As someone who follows Oklahoma football fairly closely, one of the more tiresome perceptions that has latched onto the program in recent years is the revisionism surrounding the Mike Stoops-Brent Venables fork in the road.

For the uninitiated: At the end of the 2011 season, Bob Stoops opted to bring his brother back to the program after Mike’s ouster from Arizona. The plan was for Mike and Venables to serve as co-defensive coordinators, returning to the arrangement that produced some of the best defenses in the country in the early 2000s.

Instead, Venables took a lucrative offer to join Dabo Swinney’s staff at and Clemson. His defenses have generally rocked since joining the Tigers, and they played a big part in Clemson’s national championship run in 2016.

Meanwhile, OU’s D has hit the skids under Mike.
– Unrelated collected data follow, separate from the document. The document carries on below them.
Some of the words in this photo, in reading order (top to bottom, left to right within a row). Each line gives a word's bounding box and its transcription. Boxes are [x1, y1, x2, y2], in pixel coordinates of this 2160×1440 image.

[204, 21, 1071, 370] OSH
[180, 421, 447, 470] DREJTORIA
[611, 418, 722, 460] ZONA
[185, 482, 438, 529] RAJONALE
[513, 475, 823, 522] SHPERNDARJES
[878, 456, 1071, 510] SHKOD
The difference between the two coordinators’ paths was never more stark than in the meetings between OU and Clemson in 2014 and 2015. Venables’ units pounded the Sooners into submission on both occasions.


So if the defense has stunk since Venables left OU and Mike took over, it stands to reason that the switch is the reason, right?

There’s an equally valid explanation for the downturn: At the same time OU made the switch at defensive coordinator, recruiting was going haywire.

Around 2011, the Sooners’ signees began skewing heavily to offense. The chart above breaks down OU’s annual five-year recruiting totals by offense and defense beginning in 2010. (In other words, the 2010 number accounts for the classes signed that year and in the previous four years from 2006 to 2009 – I used five-year totals to cover all potential players on the team in a given year, including redshirts.)

As the chart shows, OU signed 61 defensive recruits and 59 offensive players in the five recruiting classes between 2006-2010. The noticeable shift to offense became evident in 2012, which saw five-year totals of 63 on offense and 51 on defense.

You can blame the trend on a number of factors, including mismanagement on Bob's part. Finding fault doesn't change the end result. Scholarships are a college football program’s most precious resource; OU wasn’t investing nearly enough in the defensive side of the ball.

That kind of imbalance doesn’t prove anything by itself, but common sense suggests problems are coming down the line. It means less margin for error in evaluations, outsized effects of attrition, forcing players into action before they are ready, less competition in practice for spots – just to name a few. As one example, OU had to use true freshmen Dom Alexander and Jordan Evans, two obvious project recruits, at linebacker in 2013.


The trends in OU's five-year average rankings of offensive and defensive efficiency as measured by S&P+ tell a clear story, too.

Oklahoma five-year average national rankings in offensive and defensive efficiency (2010-2016)

While the Sooners returned in recent years to playing some of the best O in the country, the D continued to languish.

Of course, if you are willing to recognize that Mike might have been the victim of circumstances in recruiting, you also have to acknowledge that grace period has come to an end.

OU's recruiting finally smoothed out with the signing of its highly regarded 2017 class. Not to mention, the Sooners landed a total of 20 blue-chip defensive recruits in the last three years.

OU still has personnel holes on D, including a paucity of reliable interior linebackers. Even so, the overall performance of the group should still show notable improvement over last season.

If not, it's hard to see Mike back in Norman in 2018.